Apparemment en train de réfléchir, ses yeux passent de moi au vide plusieurs fois. Soit il essaye de se mettre d’accord avec lui-même pour me parler, soit il tente de me faire comprendre qu’il est encore temps pour moi de me barrer en courant. Ou en marchant, ce n’est pas comme si il pouvait me suivre.

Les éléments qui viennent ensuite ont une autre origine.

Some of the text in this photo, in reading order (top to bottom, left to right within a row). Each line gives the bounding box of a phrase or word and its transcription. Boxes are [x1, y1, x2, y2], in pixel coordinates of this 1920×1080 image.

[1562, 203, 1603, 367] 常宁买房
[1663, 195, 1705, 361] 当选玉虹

« C’était la fin de la guerre, commence-t-il en faisant tourner sa canne, le gouvernement n’avait ni le temps ni l’argent pour assurer la prise en charge psychologique de ses soldats. Après mon accident, on m’a rafistolé et on m’a jeté dans la nature. L’Asté recrutait de la main d’œuvre pour reconstruire, la Visto cherchait des volontaires pour aider les Kreels et moi je ne pouvais rien faire. Incapable d’aligner trois pas sans tomber. Incapable de passer une nuit sans hurler. Incapable d’être tout simplement utile. J’ai commencé à boire pour oublier. J’ai enchaîné les conneries, foutu en l’air mes relations et vécu dans la rue pendant cinq ans avant d’avoir mon déclic. Arrêter de boire a été une torture. Je me suis plusieurs fois retrouvé dans des situations comme les tiennes, ces fameux instants “pathétiques’’ où tout semble aller bien et – paf ! – on se retrouve comme un con, luttant pour ne pas rechuter.

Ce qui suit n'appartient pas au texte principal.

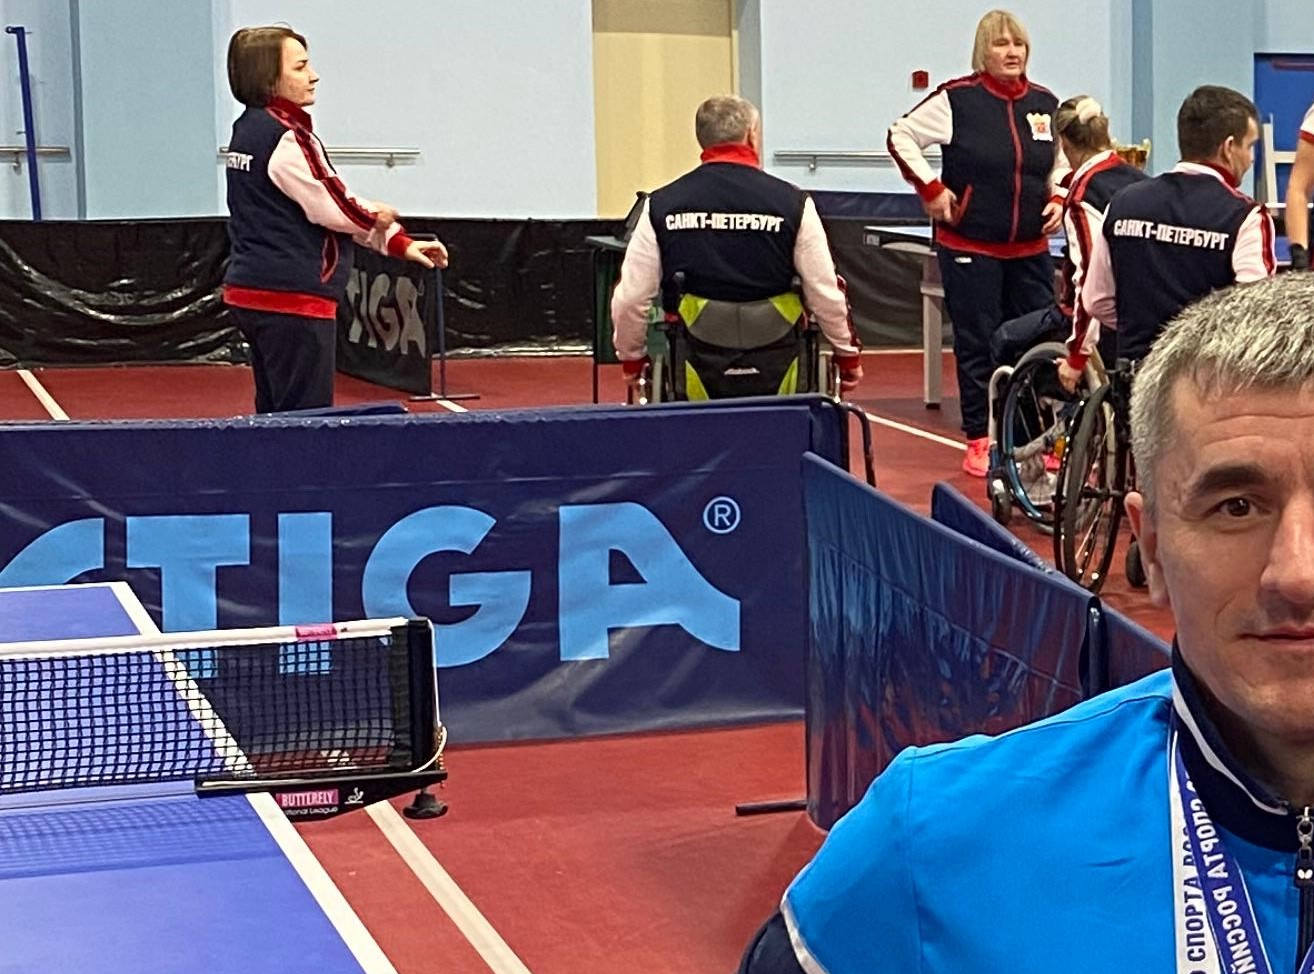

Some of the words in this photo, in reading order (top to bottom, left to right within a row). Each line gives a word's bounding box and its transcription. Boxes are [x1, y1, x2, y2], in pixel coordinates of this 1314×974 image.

[665, 212, 785, 233] САНКТ-ПЕТЕРБУРГ
[1113, 218, 1230, 250] САНКТ-ПЕТЕРБУРГ
[281, 790, 335, 808] BUTTERFLY
[1183, 875, 1207, 963] СПОРТА

« Et tu sais ce qui est terrifiant ? C’est que dans ces moments-là, ce qui nous paralyse, ce n’est pas l’envie de recommencer, mais la peur de recommencer. Et c’est normal, c’est même très bien. Parce que le fait que tu n’aies pas su quoi faire avec ce verre tout à l’heure, ce n’est pas de la faiblesse. C’est la preuve que tu luttes pour t’en sortir. »
J’expire doucement.
« Merci. »
Lohan se contente d’un sourire et se lève avec difficulté.
« Je vais retourner à l’hôtel, tu m’accompagnes ?
- Bien sûr, je réponds en me levant à mon tour, c’est la moindre des choses. »
Ce matin-là, j’ouvre les yeux plus léger que je ne l’ai jamais été. Pas de terreur, pas de réveil en sursaut, pas de cauchemars... Une bonne nuit de sommeil. Une vraie. Je soupire et laisse aller ma tête contre l’oreiller, profitant de ce moment de quiétude pour continuer à me détendre. Je recommence à somnoler et mes pensées se mettent à tourner dans ma tête.
Trouver un job est mon prochain but, je ne veux pas que Marte et Eliott continuent de me payer le loyer. J’aime bien mon chez moi. Je ne pourrai plus jamais vivre sans baignoire ou sans chambre. Des plantes. C’est ce qui me manque à l’appartement. Tout est blanc, un peu de vert ça ne fera pas de mal. Il va falloir que j’éduque le chaton pour qu’il ne les attaque pas. Je vais peut-être le garder, en fin de compte. Ses ronronnements m’apaisent et mes nuits sont plus tranquilles quand il dort avec moi. Faut que je lui trouve un nom à ce petit monsieur... J’espère que la propriétaire s’en occupe bien.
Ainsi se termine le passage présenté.